**Exercise requirements:** Line by line, repeat the material below exactly and skip the images.

[[ Records for this exercise, beginning ]]

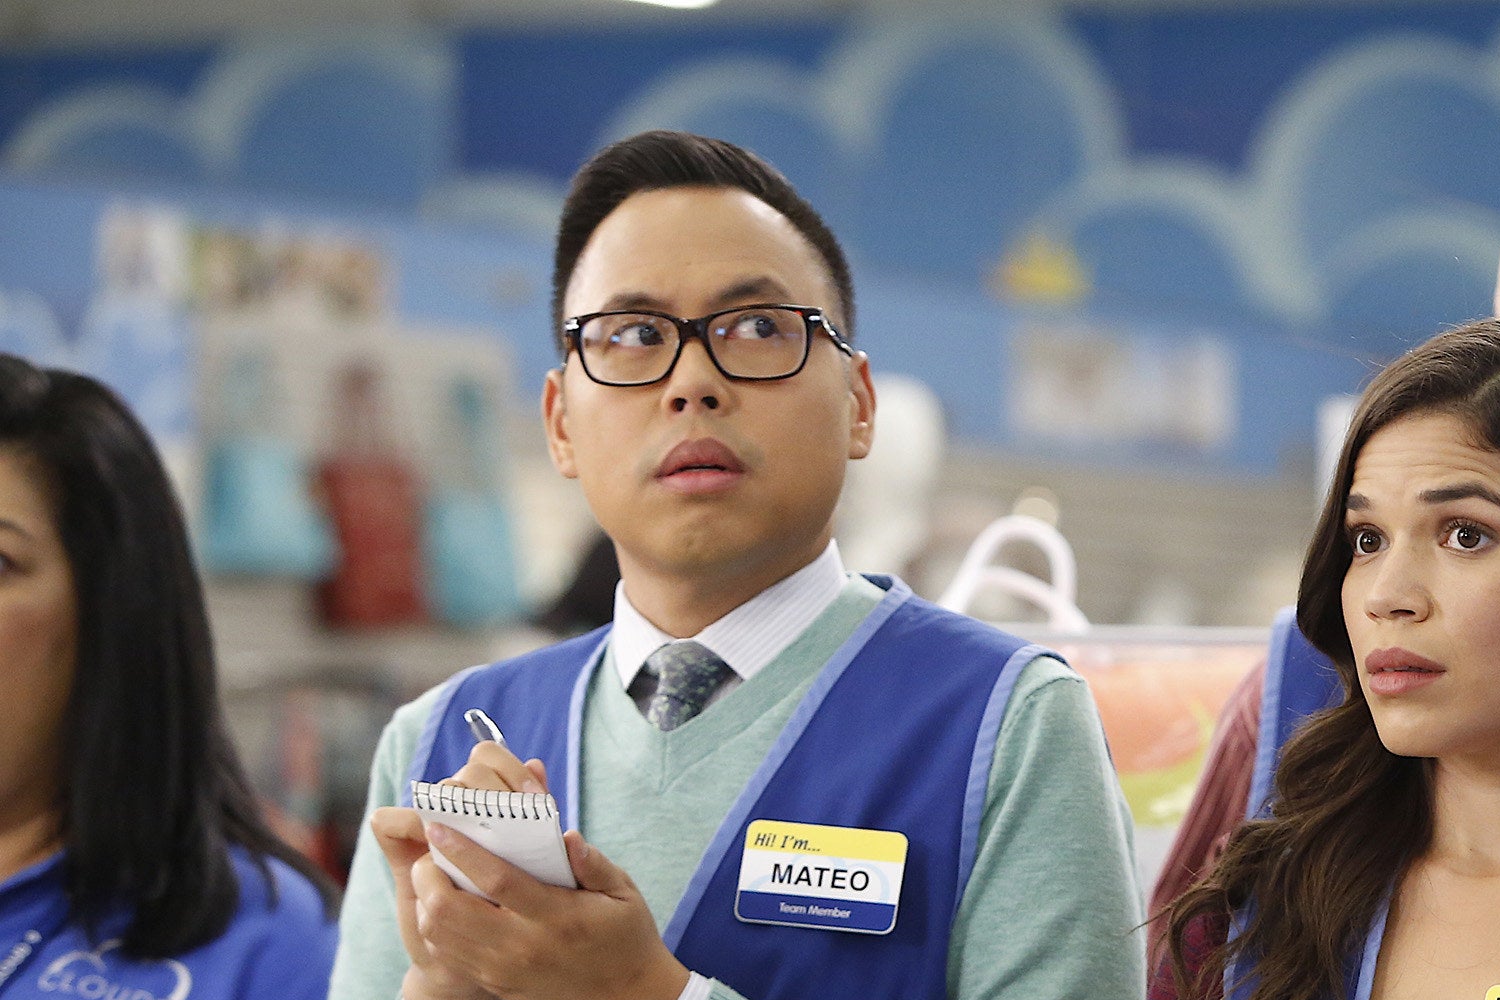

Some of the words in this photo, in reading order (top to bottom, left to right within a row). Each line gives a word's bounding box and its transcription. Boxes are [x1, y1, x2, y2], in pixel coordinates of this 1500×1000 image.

[754, 833, 777, 847] Hi!
[771, 863, 870, 891] MATEO
[779, 902, 806, 915] Team
[808, 903, 851, 918] Member

[[ Records for this exercise, end ]]

**Your solution:**
Some of the words in this photo, in reading order (top to bottom, left to right within a row). Each line gives a word's bounding box and its transcription. Boxes are [x1, y1, x2, y2], in pixel coordinates of this 1500×1000 image.

[754, 833, 777, 847] Hi!
[771, 863, 870, 891] MATEO
[779, 902, 806, 915] Team
[808, 903, 851, 918] Member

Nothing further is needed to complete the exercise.